Parents in law visit

Sunga

New Member
My husband and I ROMed in Sept last year but we have been living at our own places until our BTO is ready next m I moved out of my parents place and have been living by myself for a long time. My husband however still lives with his parents
After ROM, he comes and stays over the wkend with me. During week days, he will be at home (working whole day and dinner/luncb with parents)

i am ok with this setup as we are moving into our place soon. However, recently his mom keeps asking me to come over for dinner (2-3times/week) while he tells me not to come too often. I asked him why and he said no need to come too often. But I dont know why his mom is asking me to come over more often? I’d like to think thag maybe she thjnks im lonely since my husband doesnt stay with me the whole week. If thats the case I am happy to drop by any time even when he is not at home for dinner (like going out with friends) but no, the expectation is to come over when he is home as well

im a bit puzzled about whats going on, what I should do
 

DWiz

New Member
Well, I think your PIL scare you are lonely, and as you are eating out, usually are those 'outside food' which to them, isn't healthy. So they probably worry about your health too, hence requesting you to go over often to have dinner (at least home cook food).

Instead of going over when your hubby is not home for dinner, it's better to go over when he's around for dinner. They too want you to be part of the family as well, and hope you can go over more often, especially you both have ROM.

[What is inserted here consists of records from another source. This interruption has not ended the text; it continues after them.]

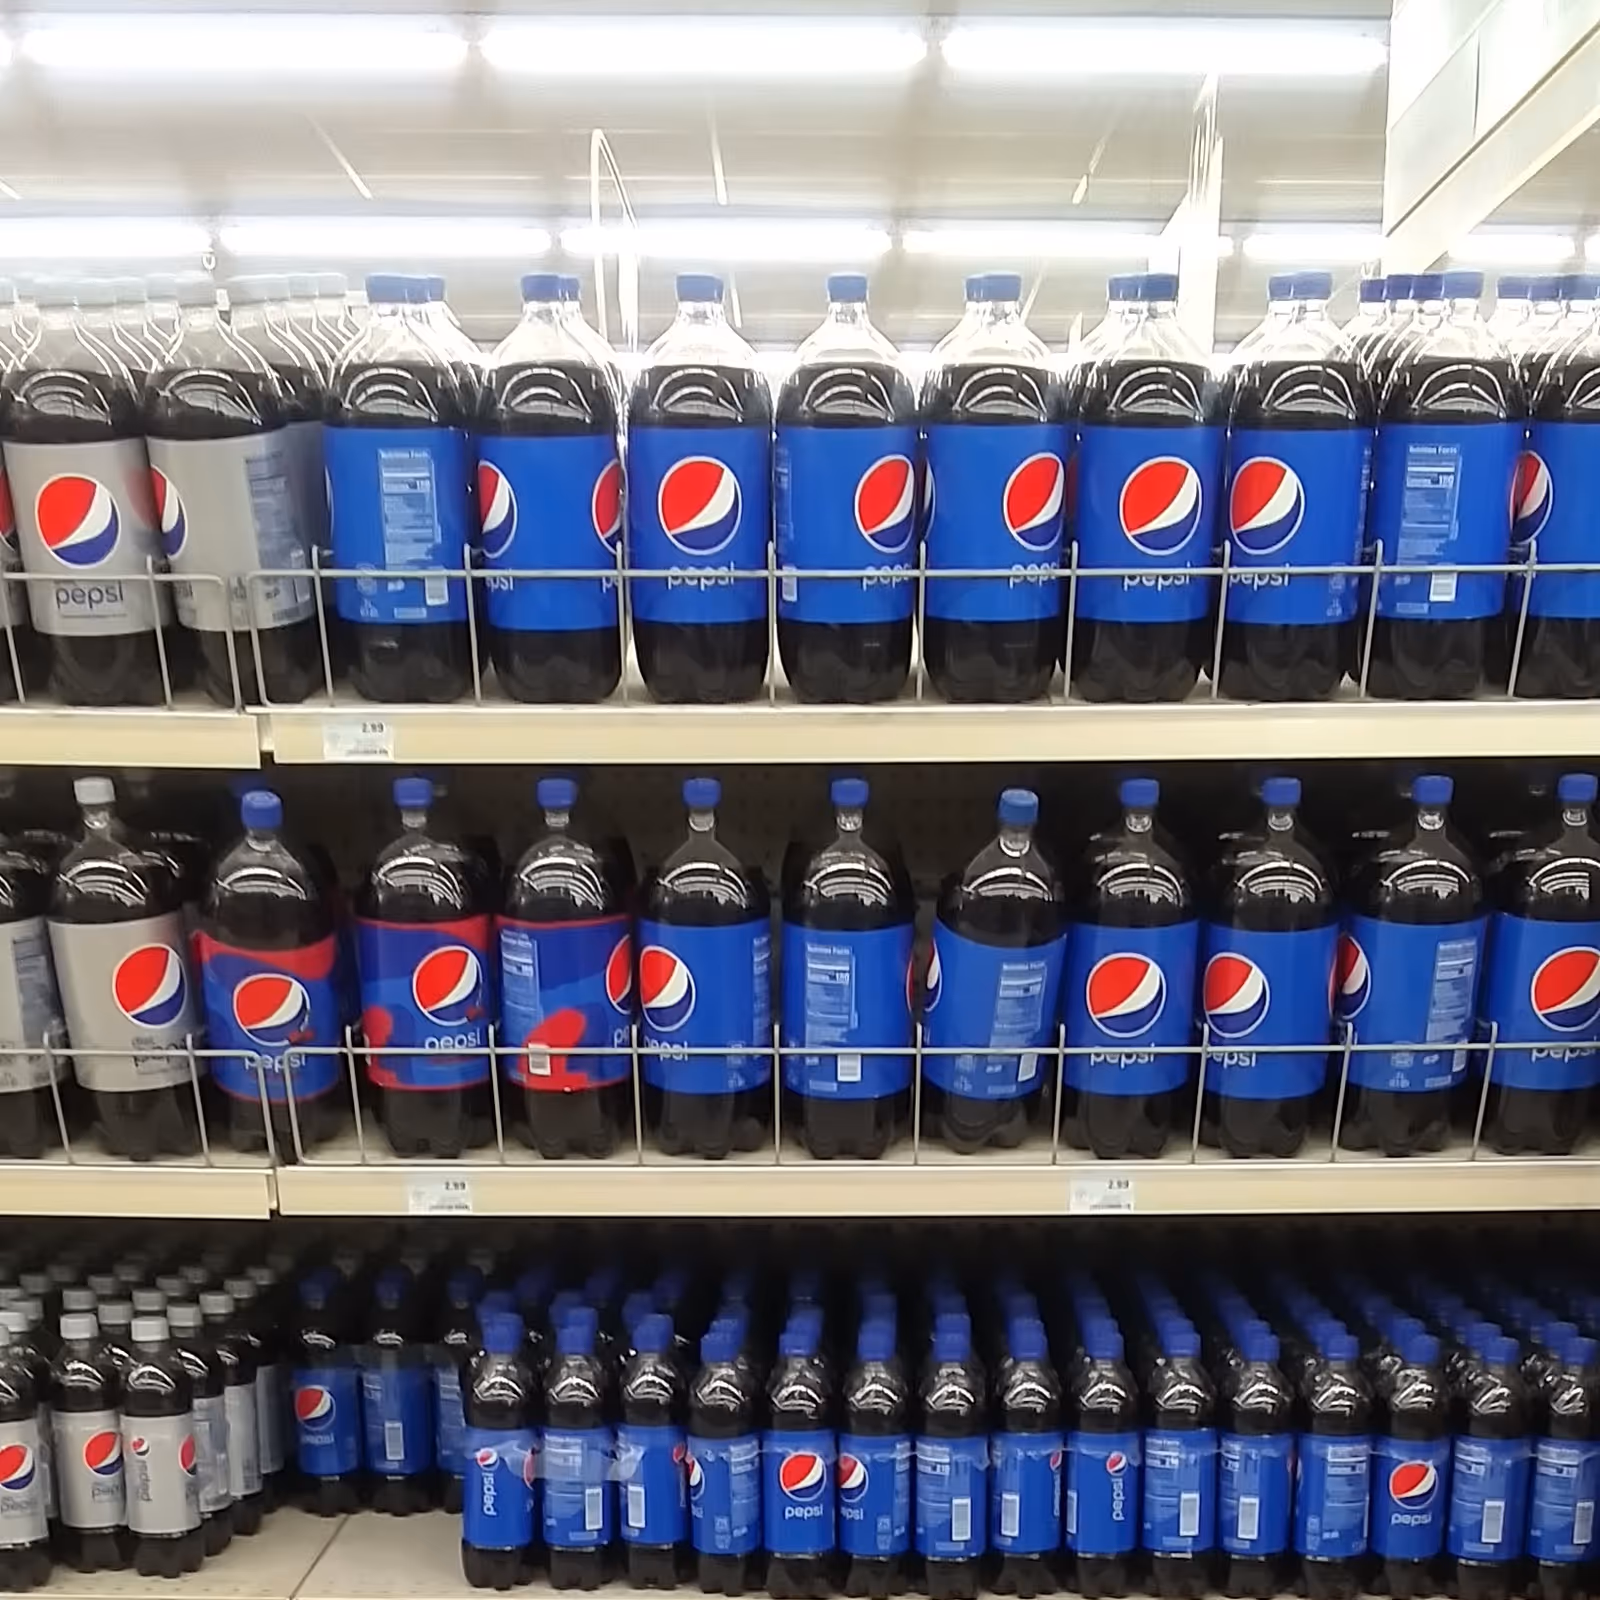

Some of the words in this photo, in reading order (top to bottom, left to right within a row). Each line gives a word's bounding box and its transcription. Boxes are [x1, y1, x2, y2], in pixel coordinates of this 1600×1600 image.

[668, 561, 734, 590] pepsi
[1123, 562, 1191, 591] pepsi
[55, 584, 124, 610] pepsi
[483, 1473, 497, 1516] pepsi
[1113, 1478, 1124, 1521] pepsi
[785, 1504, 823, 1520] pepsi
[1391, 1512, 1431, 1526] pepsi

It's like my situation in the past after I ROM with my wife. Slightly different is that our flat wasn't ready at that time, and she stayed with her parents while I stayed with my parents. However during weekday (2-3 times per week), either she will come over to my house for dinner, or I will go over to her parents house for dinner. (Unless either she's meeting her friends for dinner or I'm meeting my friends for dinner). Of course during weekend, most of the time, she will come over to stay. But once a month over the weekend, I will still go over her parents house to stay over.

This way sort of can bring the other party into the family better. Also to avoid outside food if possible, especially that time no covid and almost daily, we need to head back to office to work. So definitely outside food is the only choice we have.

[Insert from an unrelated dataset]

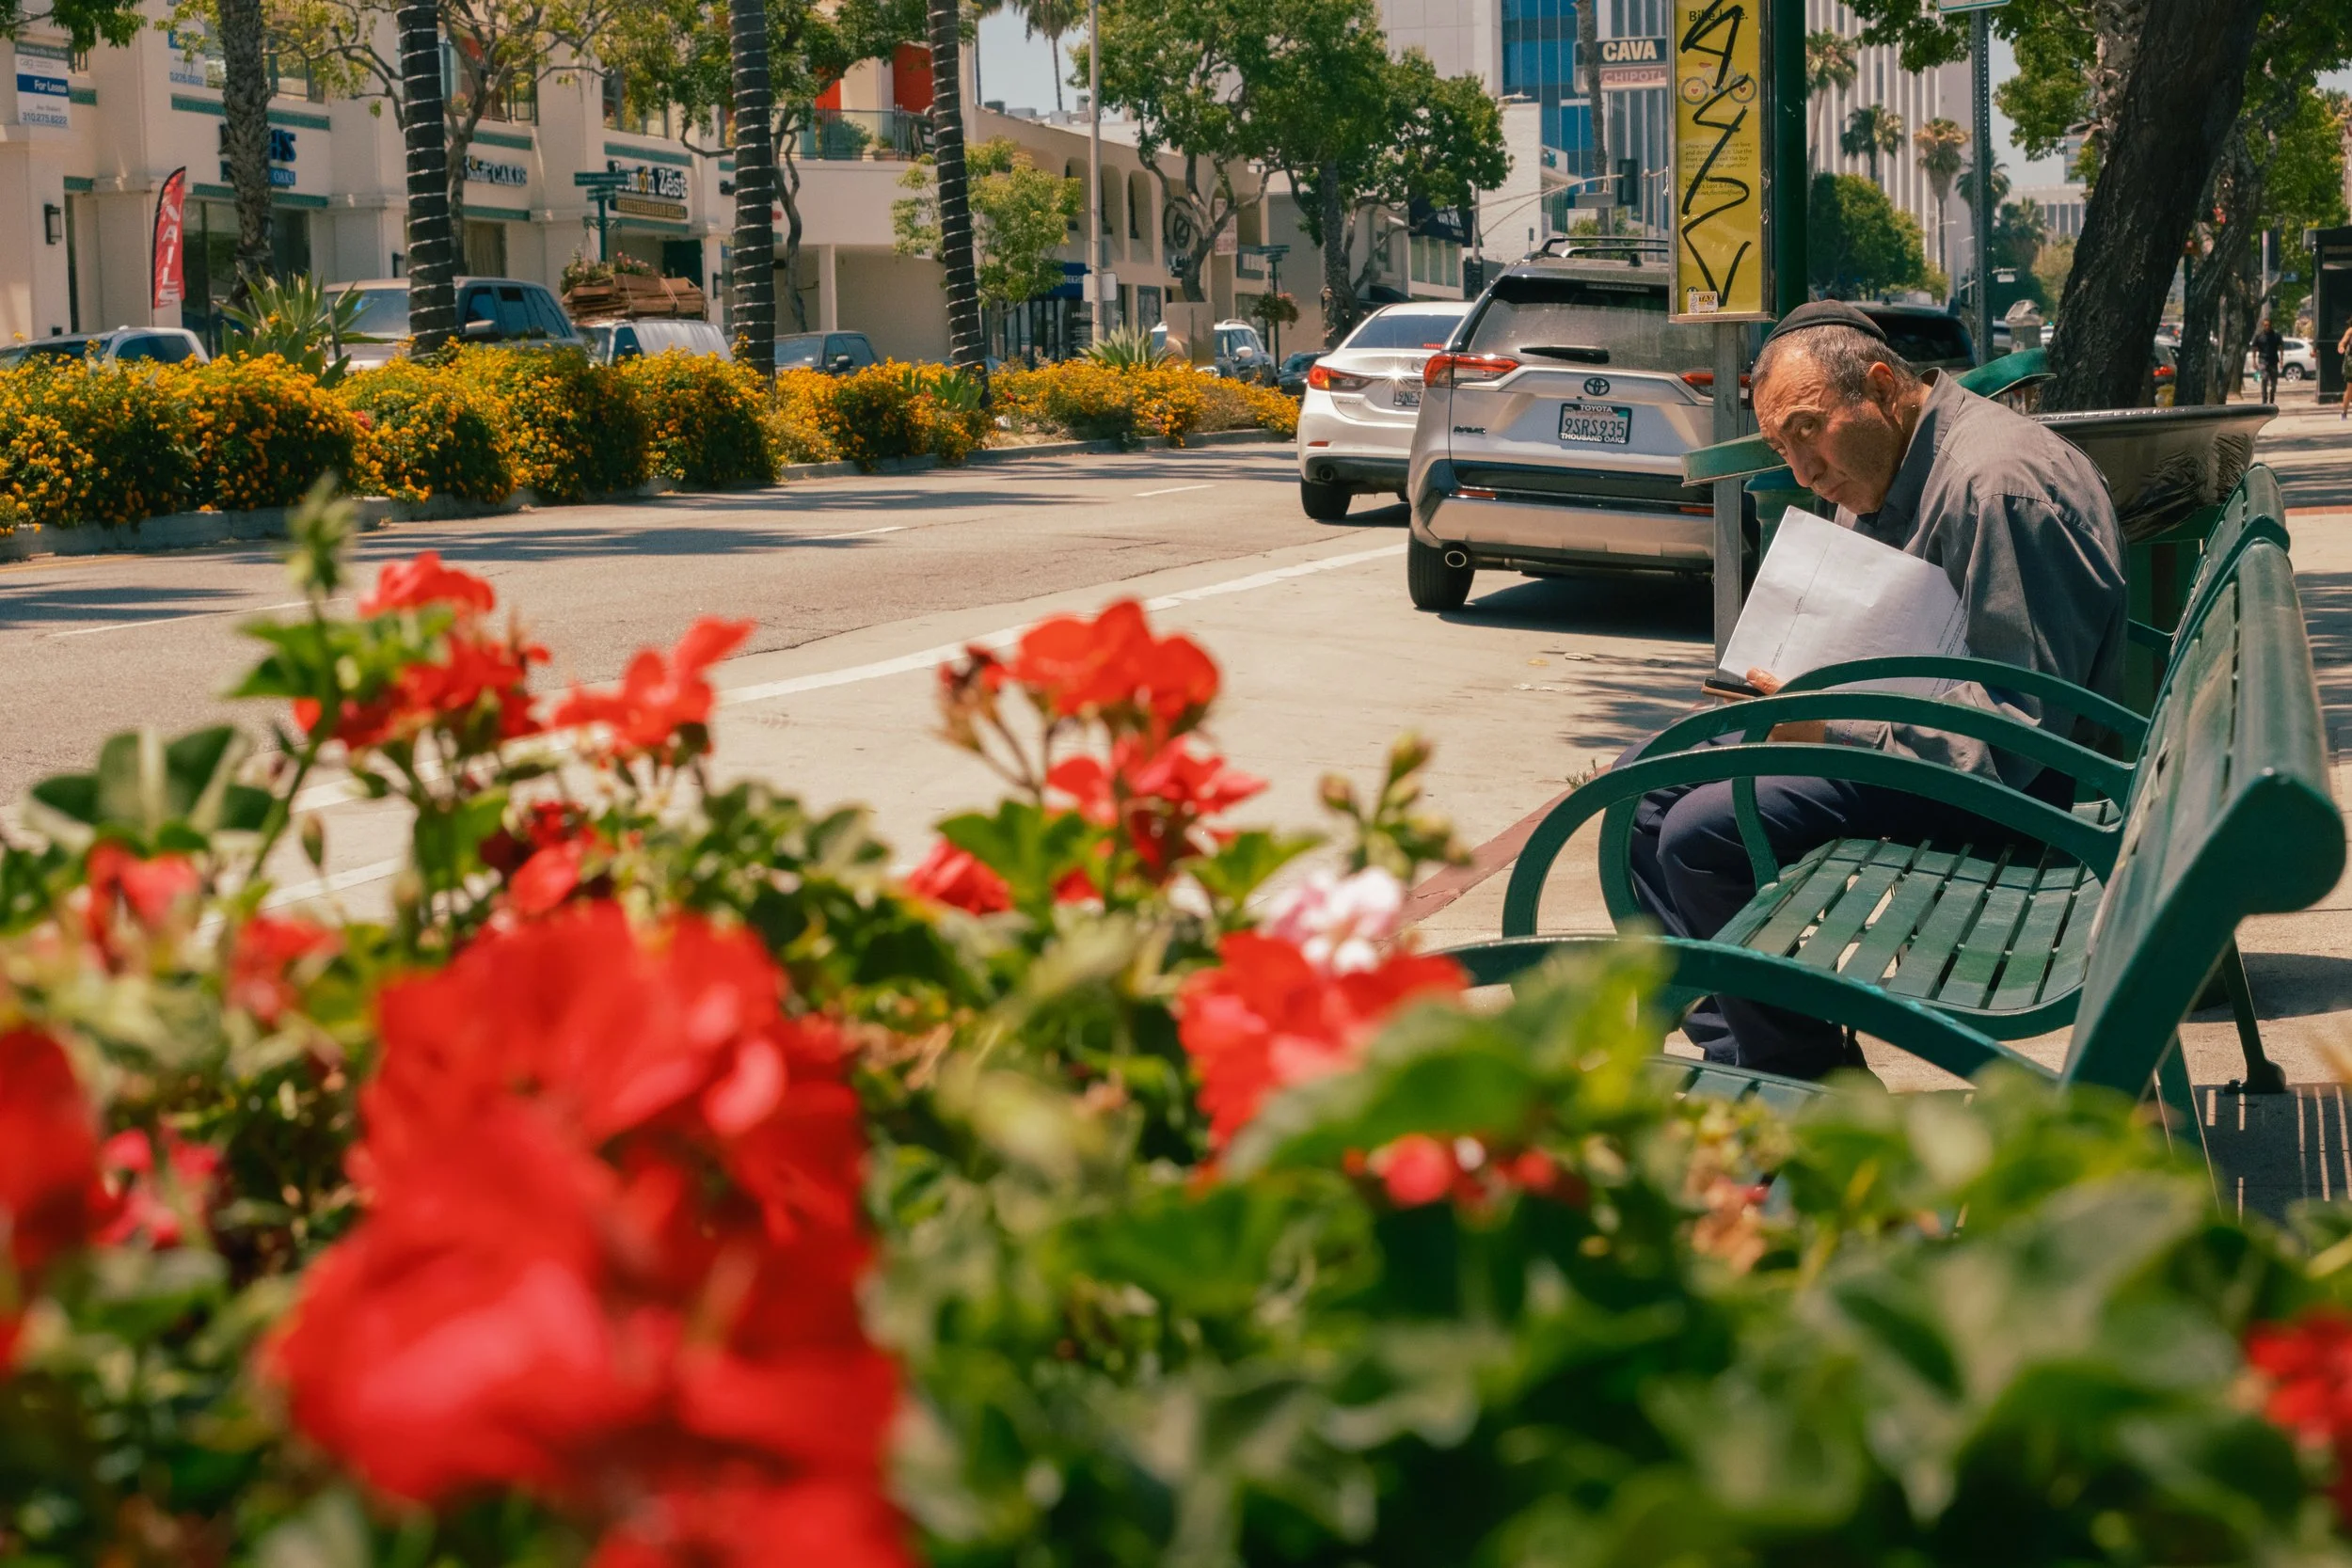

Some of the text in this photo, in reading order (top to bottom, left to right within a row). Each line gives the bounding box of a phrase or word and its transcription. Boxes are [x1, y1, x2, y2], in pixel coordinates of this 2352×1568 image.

In my pov, I think maybe you can tell them you can go over 2-3 times per week for dinner? Or discuss with your hubby on how to go about the arrangement also.
 
Top of my mind, this is an unusual arrangement albeit a temporary one. Wouldn't a husband want to spend more time with the wife?

Anyhoo, is he the only son in his family and what are the living arrangements once you guys move into your matrimonial home?

I guess the elephant in the room is this - are your in-laws going to move in with you guys? If this has been discussed then life is not so complicated afterall.